Namun, bukannya bangun. Justru suara isakan yang terdengar sebagai jawaban. Segera ditariknya bahu Aina supaya terlentang, dan apa yang dilihatnya membuatnya terhenyak.

Aina, perempuan galak yang setiap hari memarahinya, saat ini sedang menangis sesenggukan dengan air mata membanjiri wajahnya namun matanya masih terpejam. Buru-buru digoncangkannya bahu Aina untuk membangunkannya.

"Aina, bangunlah.

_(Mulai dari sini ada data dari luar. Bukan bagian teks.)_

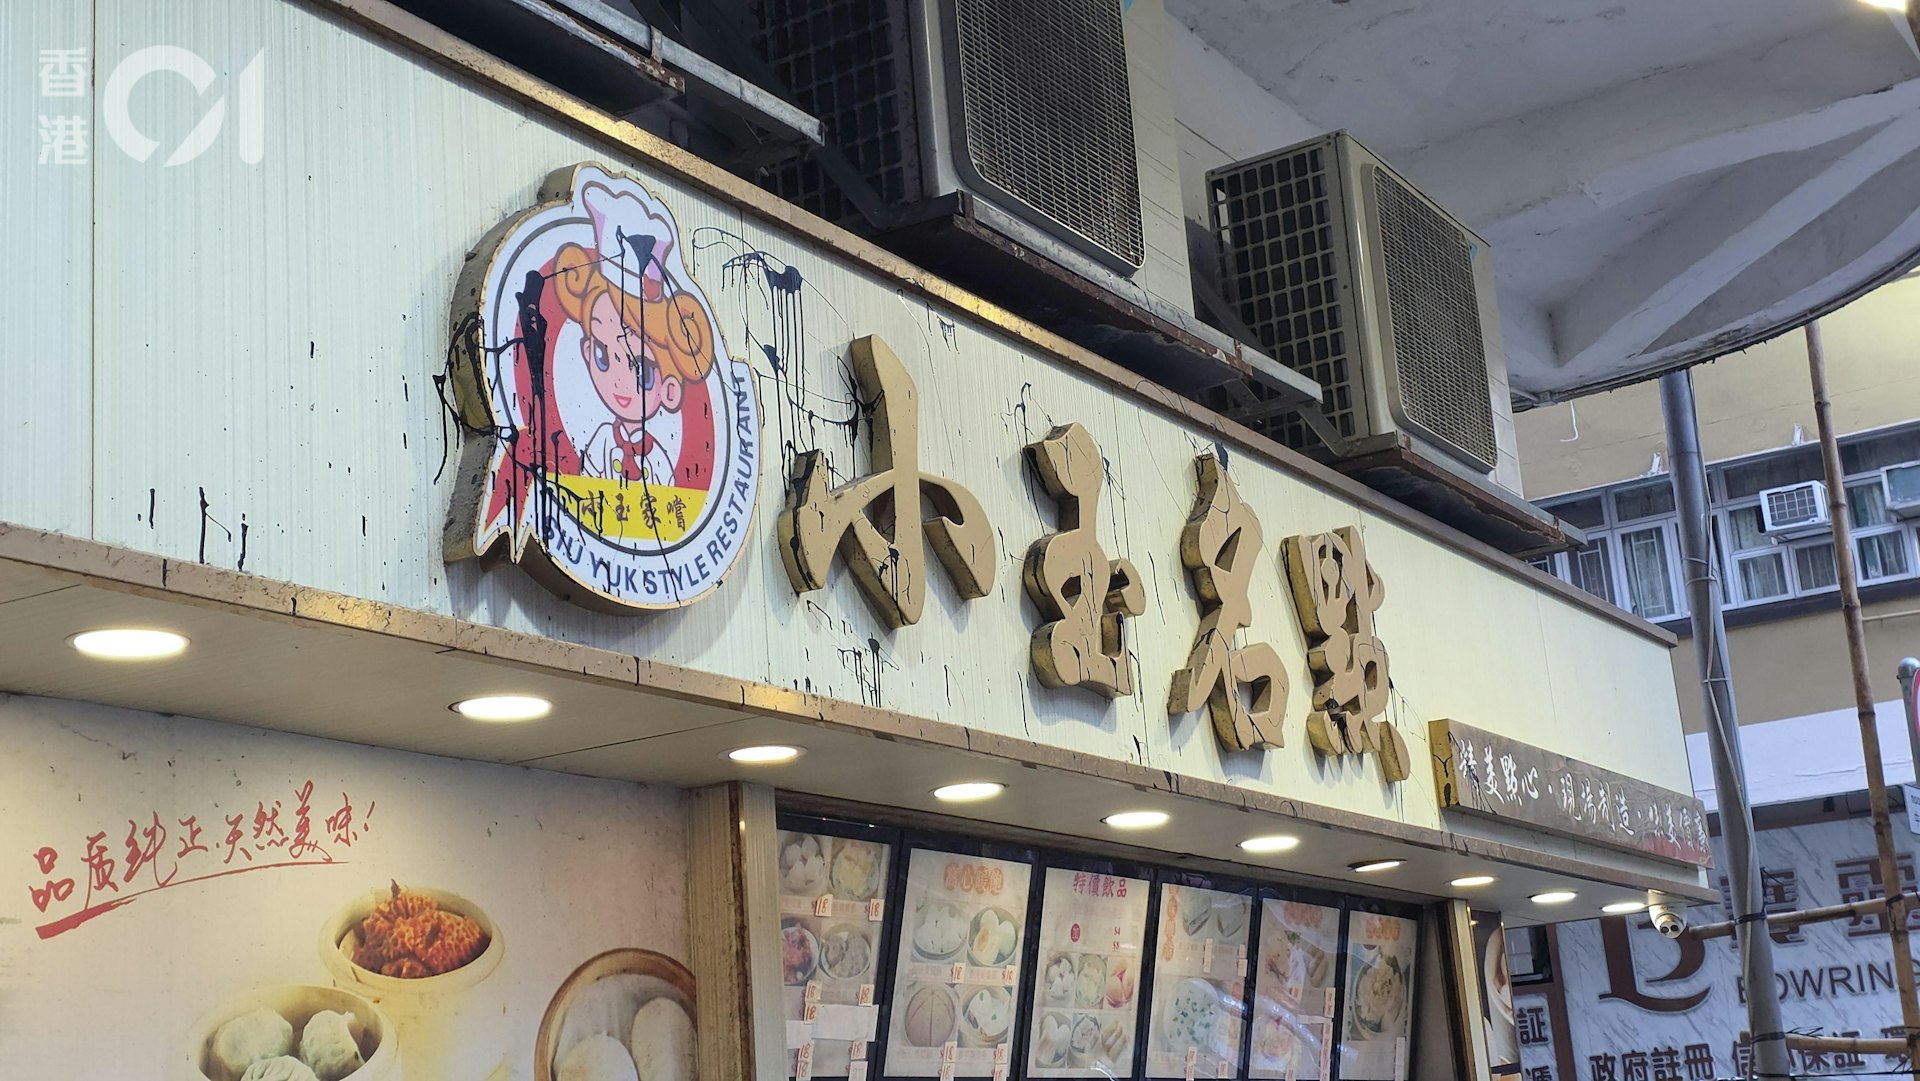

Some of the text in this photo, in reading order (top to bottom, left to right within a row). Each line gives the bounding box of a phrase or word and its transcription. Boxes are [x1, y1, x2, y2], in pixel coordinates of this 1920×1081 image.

[589, 551, 639, 594] YUK
[642, 553, 711, 595] STYLE
[706, 371, 755, 566] RESTAURANT
[1073, 872, 1127, 898] 特價飲品
[1589, 1042, 1714, 1081] 政府註冊
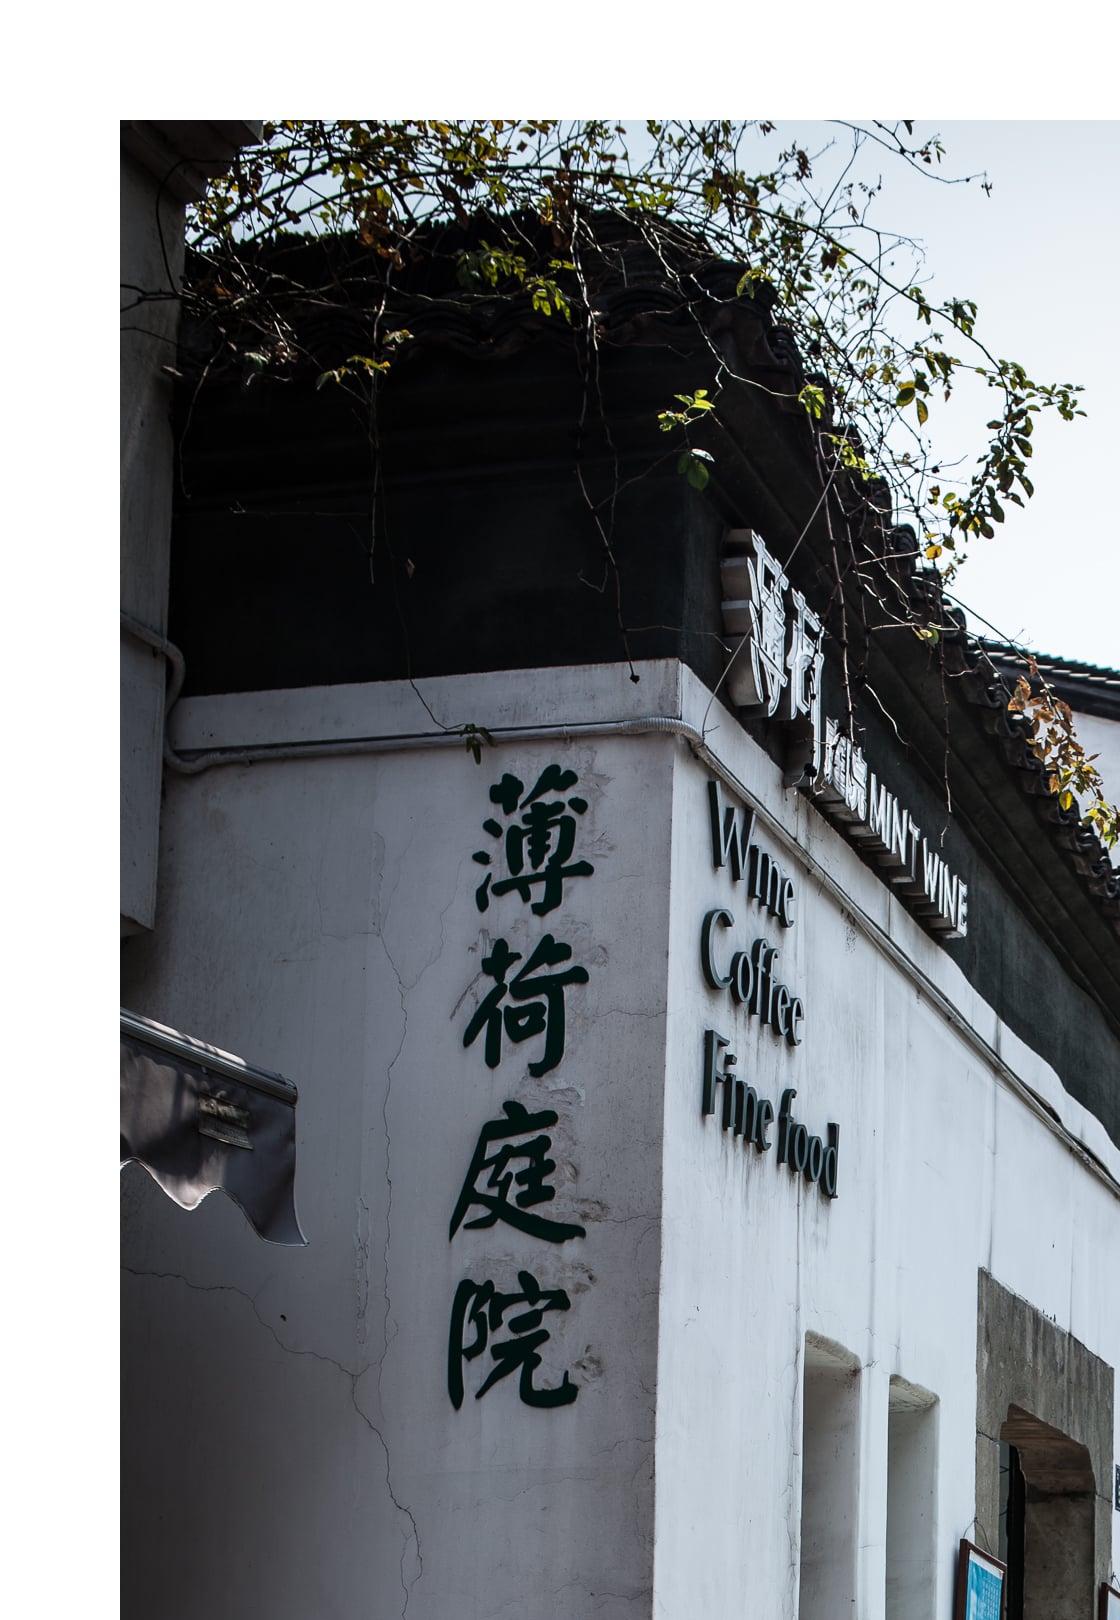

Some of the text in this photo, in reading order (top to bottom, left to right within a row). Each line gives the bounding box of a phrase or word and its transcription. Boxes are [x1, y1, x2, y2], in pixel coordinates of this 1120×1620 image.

[707, 779, 796, 929] Wine
[869, 772, 968, 938] MINT WINE
[701, 908, 805, 1047] Coffee
[446, 762, 595, 1412] 薄荷庭院
[701, 1028, 841, 1200] Fine food

Aina, bangun." Panggilnya berkali-kali. Namun, sial bagi Dipta. Bukannya pelukan hangat yang didapatnya sebagai balasan, malah suara teriakan yang memekakkan telinga yang terdengar olehnya.

"Kyaaaa! Apa yang kau lakukan?!!" Aina mendorong tubuh Dipta kuat-kuat agar menjauh dari sisinya.

"Ini bukan cara yang baik untuk berterima kasih." Ujar Dipta datar dengan sorot mata dingin.

"Apa maksudmu? Kenapa aku harus berterima kasih padamu?" Tanya Aina masih dengan teriakan nyaringnya.

"Barusan kau menangis sesenggukan saat tidur. Aku membangunkanmu untuk membebaskanmu dari apapun yang membuatmu menangis itu. Bukankah seharusnya kau berterima kasih?" Jawab Dipta tak kalah sinis. Tuhan, bagaimana bisa dia jatuh cinta pada wanita seperti Aina?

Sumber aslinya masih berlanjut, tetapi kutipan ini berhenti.